Representation Autoencoders (RAEs) have shown distinct advantages in diffusion modeling on ImageNet by training in high-dimensional semantic latent spaces. In this work, we investigate whether this framework can scale to large-scale, freeform text-to-image (T2I) generation. We first scale RAE decoders on the frozen representation encoder (SigLIP-2) beyond ImageNet by training on web, synthetic, and text-rendering data, finding that while scale improves general fidelity, targeted data composition is essential for specific domains like text. We then rigorously stress-test the RAE design choices originally proposed for ImageNet. Our analysis reveals that scaling simplifies the framework: while dimension-dependent noise scheduling remains critical, architectural complexities such as wide diffusion heads and noise-augmented decoding offer negligible benefits at scale Building on this simplified framework, we conduct a controlled comparison of RAE against the state-of-the-art FLUX VAE across diffusion transformer scales from 0.5B to 9.8B parameters. RAEs consistently outperform VAEs during pretraining across all model scales. Further, during finetuning on high-quality datasets, VAE-based models catastrophically overfit after 64 epochs, while RAE models remain stable through 256 epochs and achieve consistently better performance. Across all experiments, RAE-based diffusion models demonstrate faster convergence and better generation quality, establishing RAEs as a simpler and stronger foundation than VAEs for large-scale T2I generation. Additionally, because both visual understanding and generation can operate in a shared representation space, the multimodal model can directly reason over generated latents, opening new possibilities for unified models.
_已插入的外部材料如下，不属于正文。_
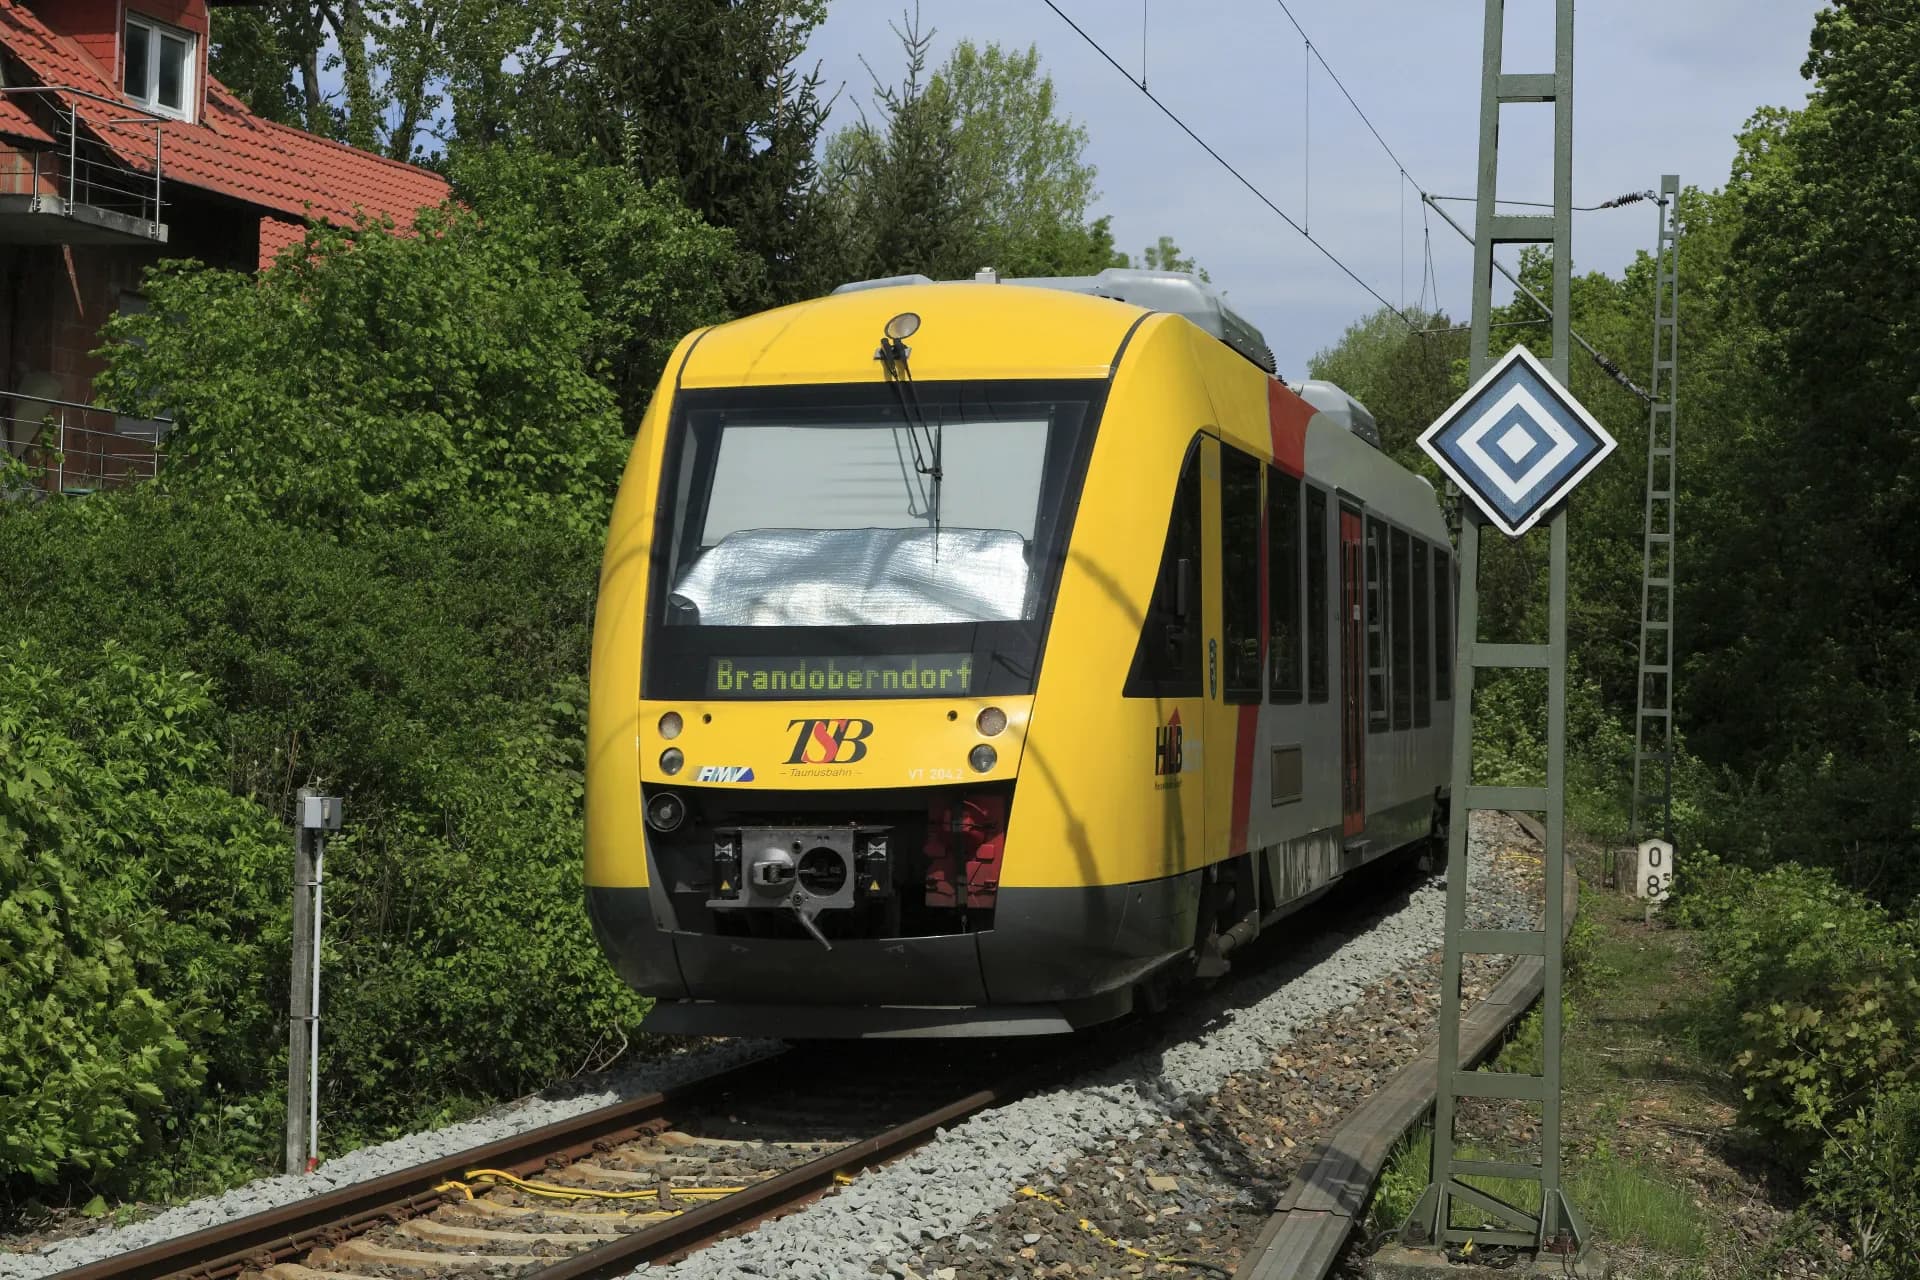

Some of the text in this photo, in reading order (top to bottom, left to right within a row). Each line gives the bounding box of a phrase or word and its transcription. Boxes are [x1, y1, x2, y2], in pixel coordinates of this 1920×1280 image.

翻译：表征自编码器（RAEs）通过在高层语义潜在空间中训练，已在ImageNet的扩散建模中展现出独特优势。本研究探讨该框架能否扩展至大规模、自由形式的文本到图像（T2I）生成。我们首先在冻结的表征编码器（SigLIP-2）上，利用网络数据、合成数据及文本渲染数据进行RAE解码器扩展，发现虽然规模提升能改善整体保真度，但针对特定领域（如文本）需要精心设计数据构成。随后，我们系统性地对最初为ImageNet提出的RAE设计选择进行压力测试。分析表明，扩展简化了框架：虽然维度相关的噪声调度仍至关重要，但诸如宽扩散头与噪声增强解码等架构复杂性在大规模场景下收益甚微。基于此简化框架，我们在0.5B至9.8B参数规模的扩散Transformer上，对RAE与最先进的FLUX VAE进行了对照比较。在所有模型规模下，RAE在预训练阶段始终优于VAE。此外，在高质量数据集上进行微调时，基于VAE的模型在64轮训练后出现灾难性过拟合，而RAE模型在256轮训练中保持稳定，并持续获得更优性能。所有实验表明，基于RAE的扩散模型具有更快的收敛速度和更好的生成质量，证明RAE是比VAE更简洁且更强大的大规模T2I生成基础框架。值得注意的是，由于视觉理解与生成可在共享表征空间中运行，多模态模型能直接对生成潜在表示进行推理，这为统一模型开辟了新的可能性。